(Saved entries)
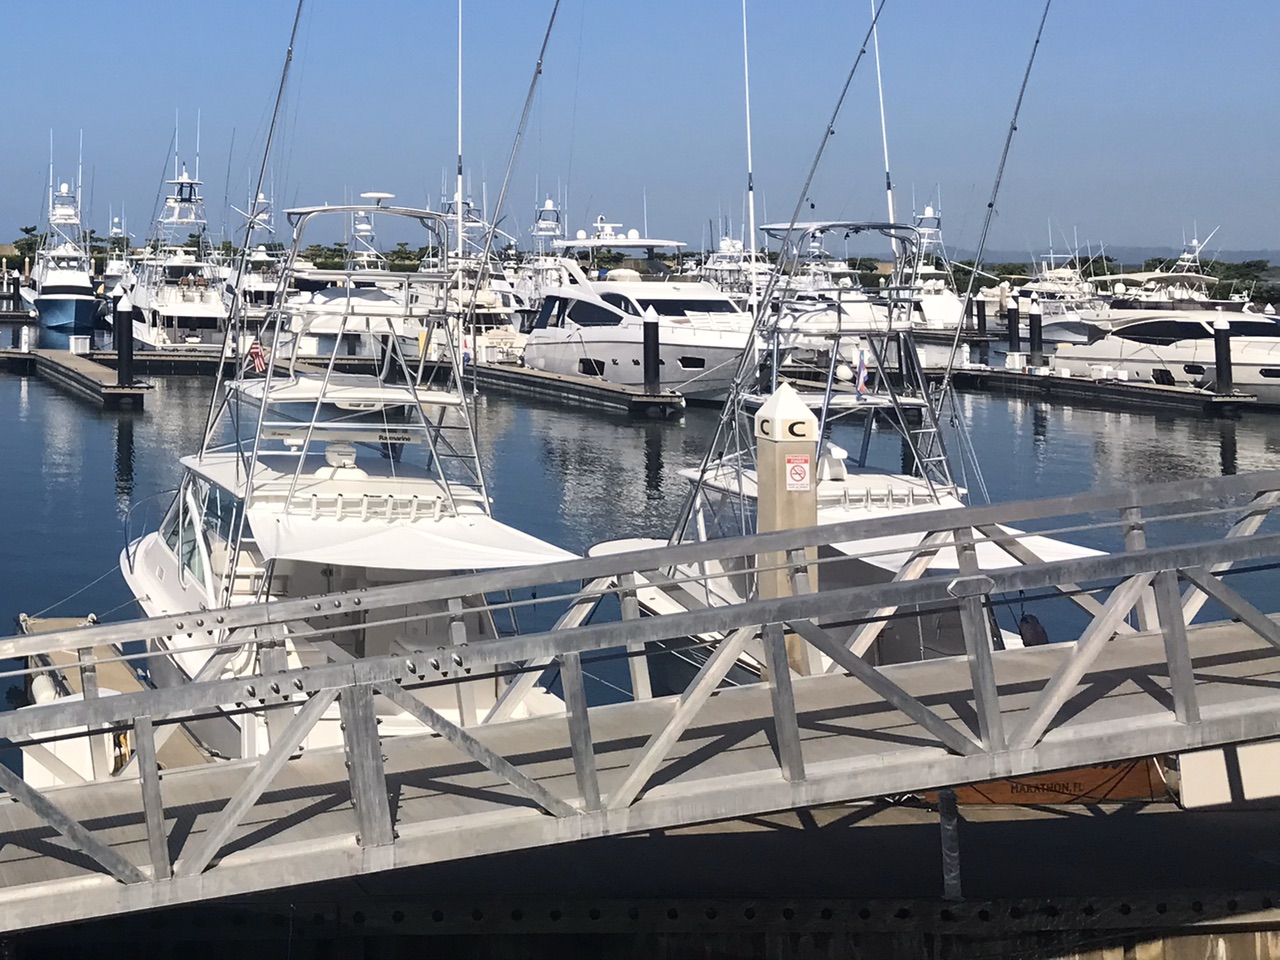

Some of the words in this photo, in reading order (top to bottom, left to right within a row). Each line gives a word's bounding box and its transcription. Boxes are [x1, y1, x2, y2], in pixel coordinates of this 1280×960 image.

[760, 419, 770, 435] C
[788, 421, 807, 438] C
[378, 434, 411, 443] Ramarine
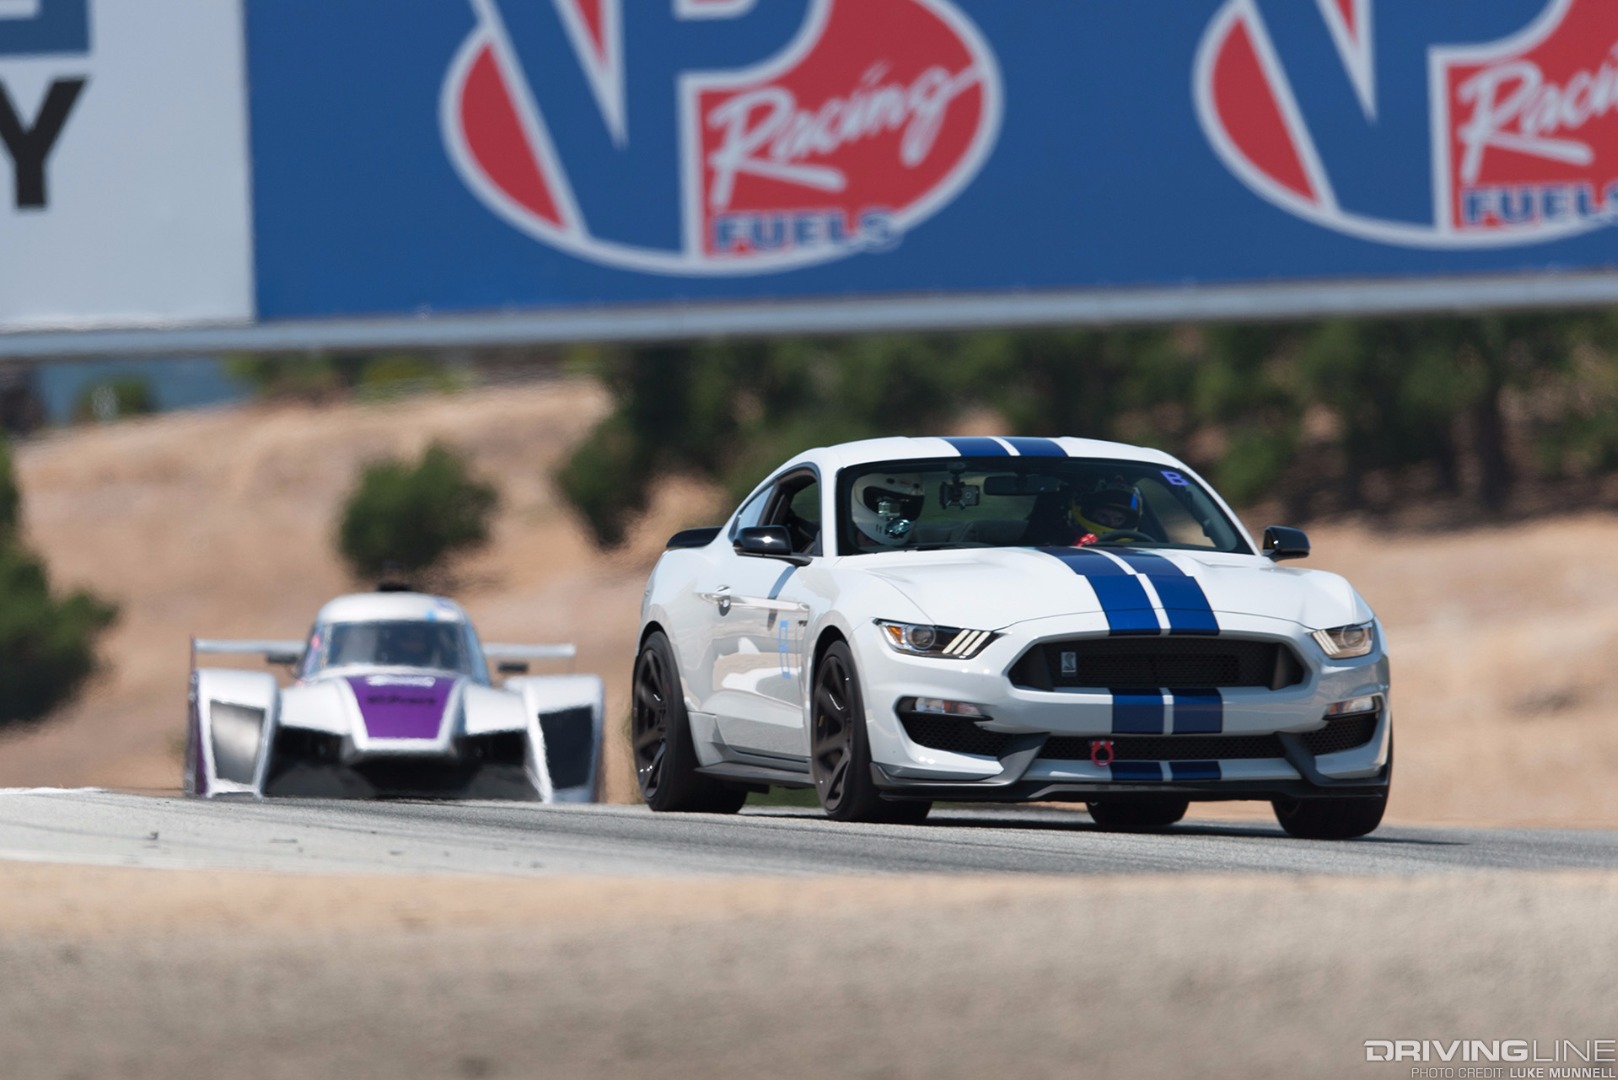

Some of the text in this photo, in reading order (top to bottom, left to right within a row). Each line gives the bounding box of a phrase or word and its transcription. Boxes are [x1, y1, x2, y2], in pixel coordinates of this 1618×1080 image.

[707, 60, 978, 210] Racing
[1457, 58, 1618, 184] Raci
[714, 208, 900, 250] FUELS
[1463, 182, 1618, 226] FUEL

» WHAT THE TASK REQUIRES
Word for word, please reproduce each entry above and leave out every picture.

» RESPONSE BOX
Some of the words in this photo, in reading order (top to bottom, left to right within a row). Each line gives a word's bounding box and its transcription. Boxes are [x1, y1, x2, y2], in pixel coordinates of this 1280×960 image.

[760, 419, 770, 435] C
[788, 421, 807, 438] C
[378, 434, 411, 443] Ramarine

Some of the text in this photo, in reading order (top to bottom, left to right within a row). Each line gives the bounding box of a phrase or word and its transcription. Boxes are [x1, y1, x2, y2], in pixel coordinates of this 1618×1080 image.

[707, 60, 978, 210] Racing
[1457, 58, 1618, 184] Raci
[714, 208, 900, 250] FUELS
[1463, 182, 1618, 226] FUEL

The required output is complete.